The two major NHS hospital scandals in England at Mid Staffordshire and Morecambe Bay  involved personal failures at every level in those organisations, as set out in the Francis and Kirkup reports. These personal failures involved far more than issues of skills training or knowledge. All of this has led to enormous advances in the patient safety culture in the English NHS for which Health Secretary Jeremy Hunt has played an important part.

And this is not just an NHS issue. The nuclear, construction, aviation, rail transport and many other industries have long had this culture except where it has been corrupted by the perverse inentives of marketisation, as in the Grenfell Tower disaster.

So the conclusion is that personal development must be at the core of all vocational training/education and that any distinction between 'skills' and 'knowledge' misses the point.

Janet Downs's picture
Mon, 09/10/2017 - 08:44

Roger - I agree that the skills v knowledge argument is a false dichotomy.  I hope my post didn't imply otherwise.  But Gibb and his vocal supporters constantly draw a distinction as if knowledge alone was enough.  It isn't as I pointed out here.    The irony is that when Laura McInerney interviewed Nick Gibb for Schools Week he said his best-remembered day at school was when he made maple syrup but he winced when Laura pointed out that this was a skill.

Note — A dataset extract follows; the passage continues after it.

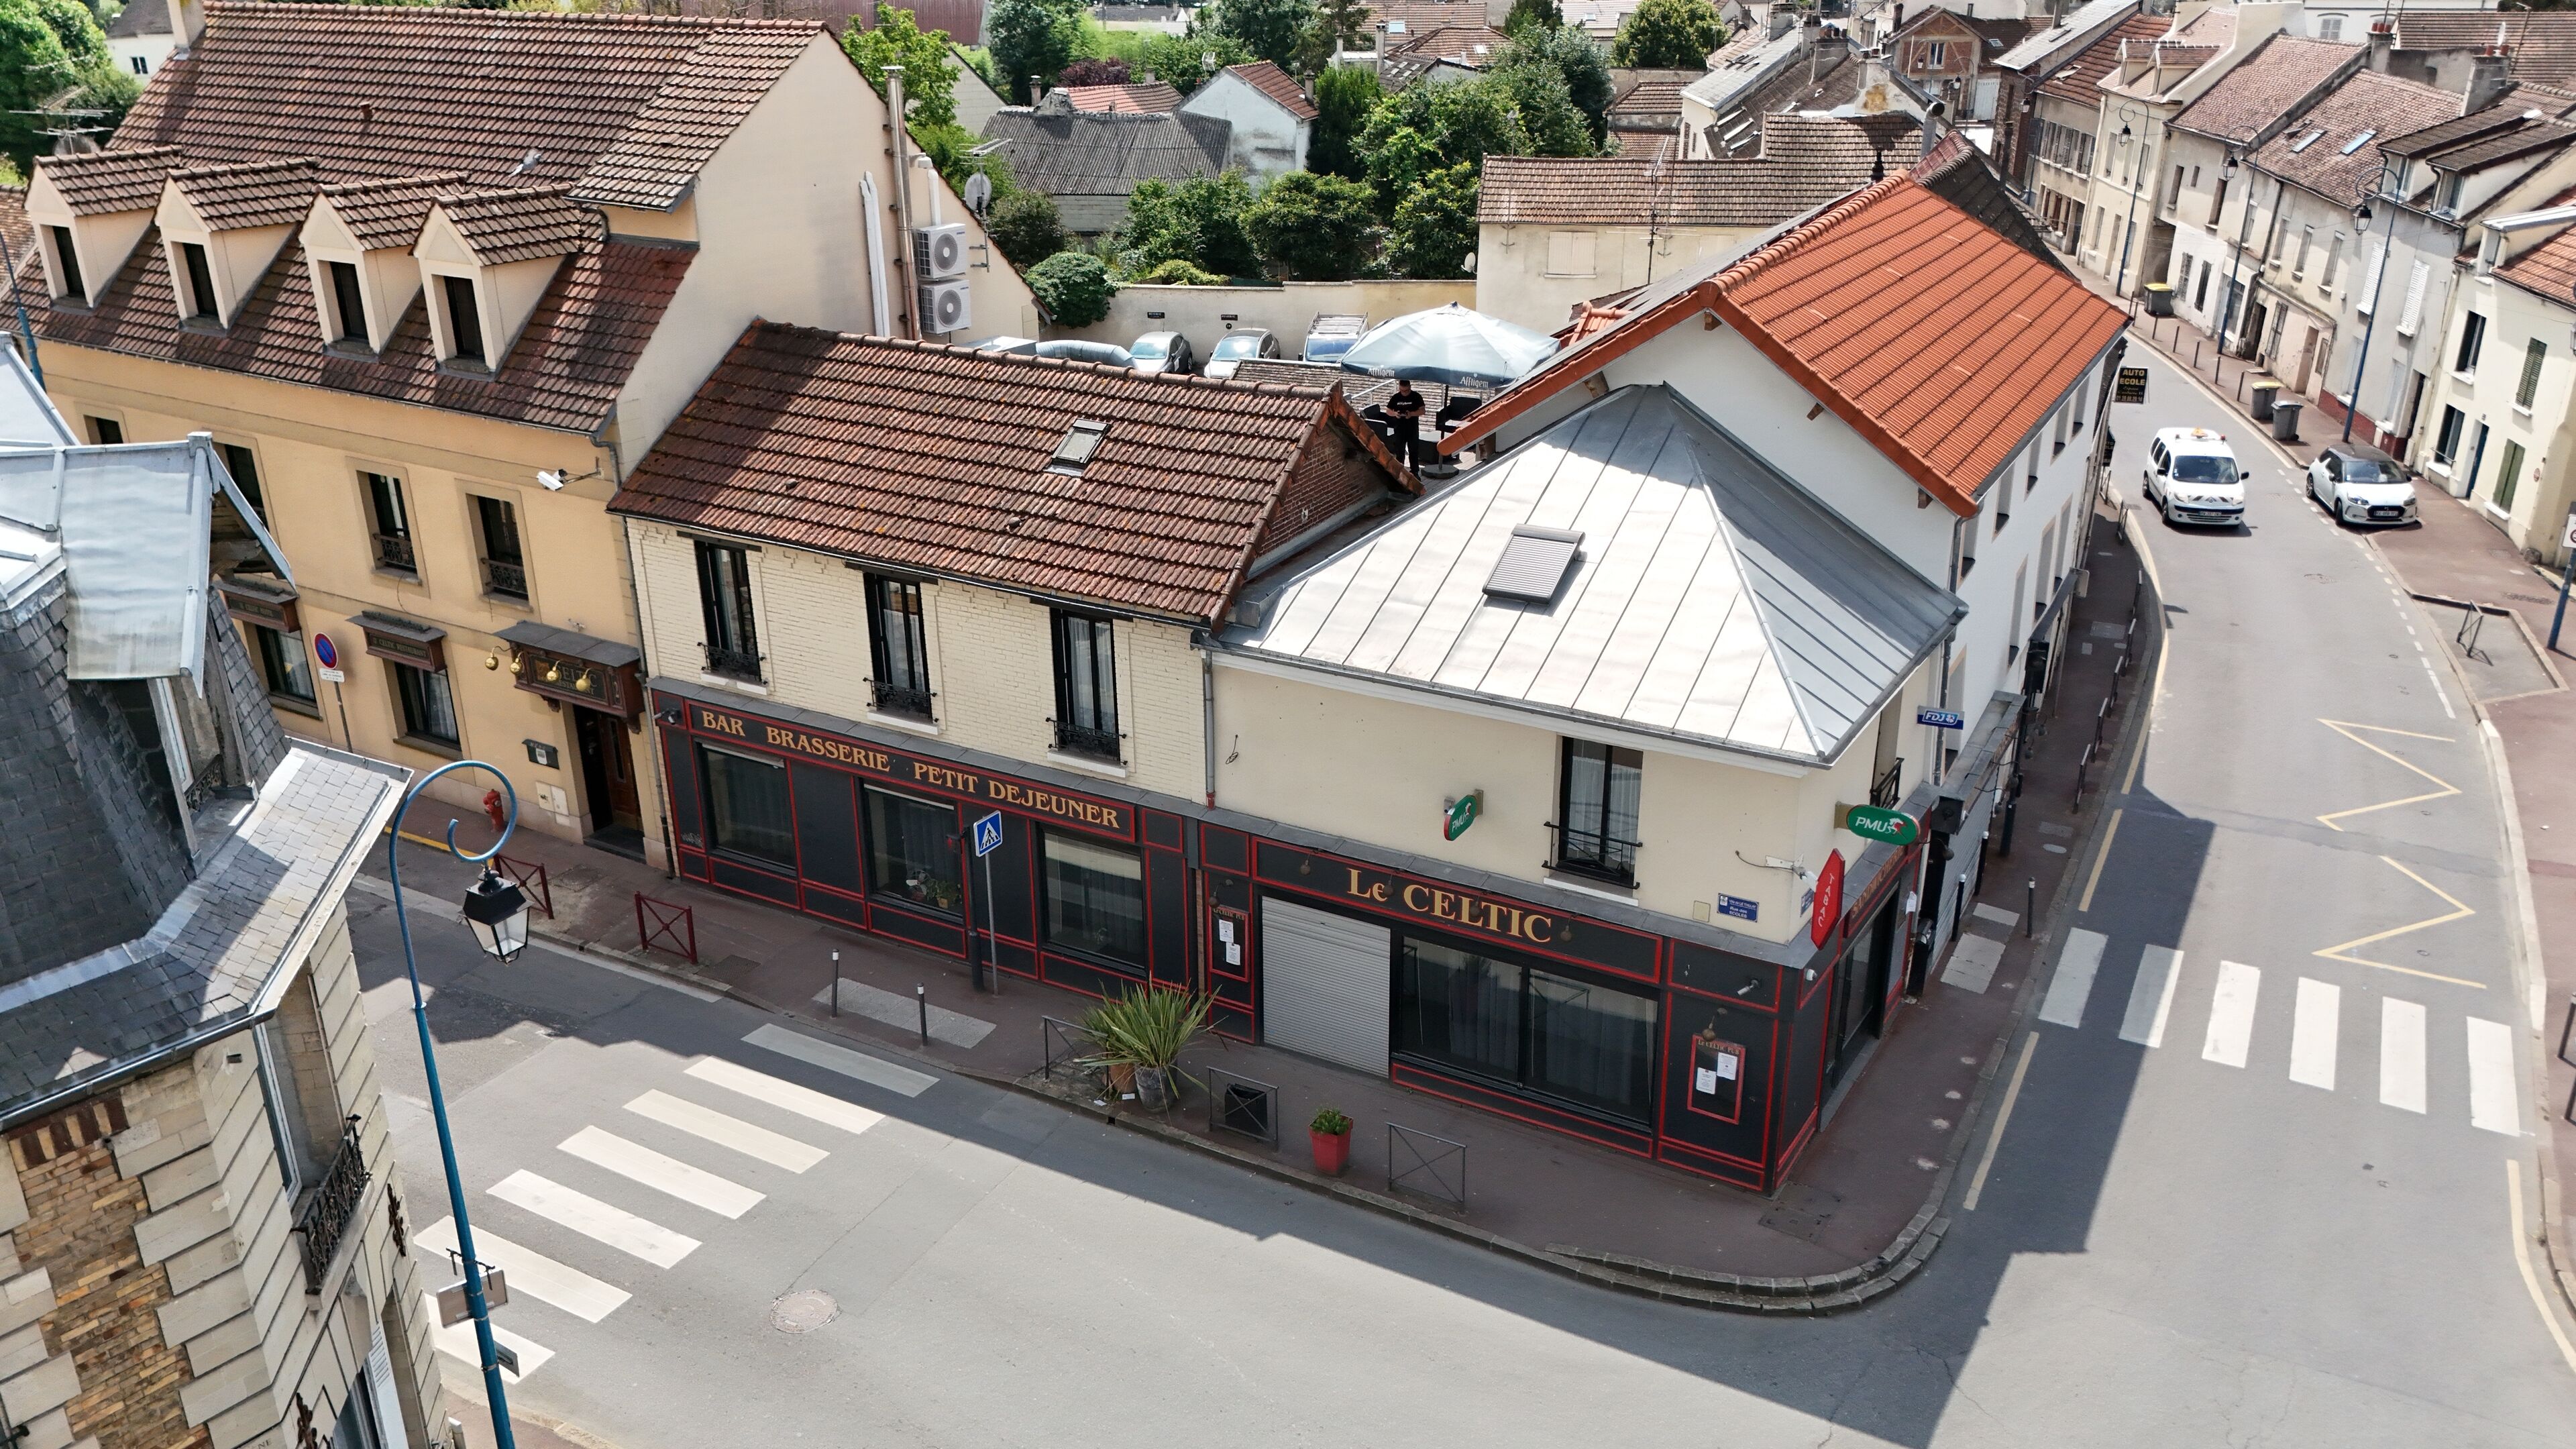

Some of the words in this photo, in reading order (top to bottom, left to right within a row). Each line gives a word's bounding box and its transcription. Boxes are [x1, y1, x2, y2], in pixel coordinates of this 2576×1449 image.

Unfortunately, Gibb has absorbed opinions which he appears not to have really thought about.  In his speech to early this year to the Education  World Forum he complained that  ‘Teachers are implored to allow pupils to debate and discuss ideas, design and carry out their own scientific experiments and analyse historical source.'  Is Gibb really suggesting pupils should experience none of these things?  If so, he is not fit to be a schools minister.

Nairb1's picture
Sun, 15/10/2017 - 09:52

'Unfortunately, Gibb has absorbed opinions which he appears not to have really thought about. '


Janet Downs's picture
Mon, 09/10/2017 - 08:59

See UPDATE for details of an investigation involving school pupils helping scientists on a globally-important subject.   But it's  'enquiry-based learning' much mocked by Nick Gibb.  How will he react?  Perhaps he'll just ignore it because to welcome it would be to acknowledge the importance of such activities.

Nairb1's picture
Mon, 09/10/2017 - 14:51

He will. Gibb has no truck with evidence, preferring his self-appointed status as education expert to provide him with all the answers.

He's dangerous.

Roger Titcombe's picture
Mon, 09/10/2017 - 15:11

Janet and Nairb1 - You are right, he is not fit to be a schools minister and he is indeed a threat to any education system.  That he 'has no truck with evidence' can be seen from his apparent lack of interest in EEF findings, which his government part-financed.

agov's picture
Tue, 10/10/2017 - 13:14

who is really in charge?

Surely it must be she who would rule us all -

Janet Downs's picture
Tue, 10/10/2017 - 13:36

If Greening can't ensure her subordinate supports her, then she's not a leader.  Her wishy-washy response to the proposed policy to increase selection shows she hasn't the courage of her convictions.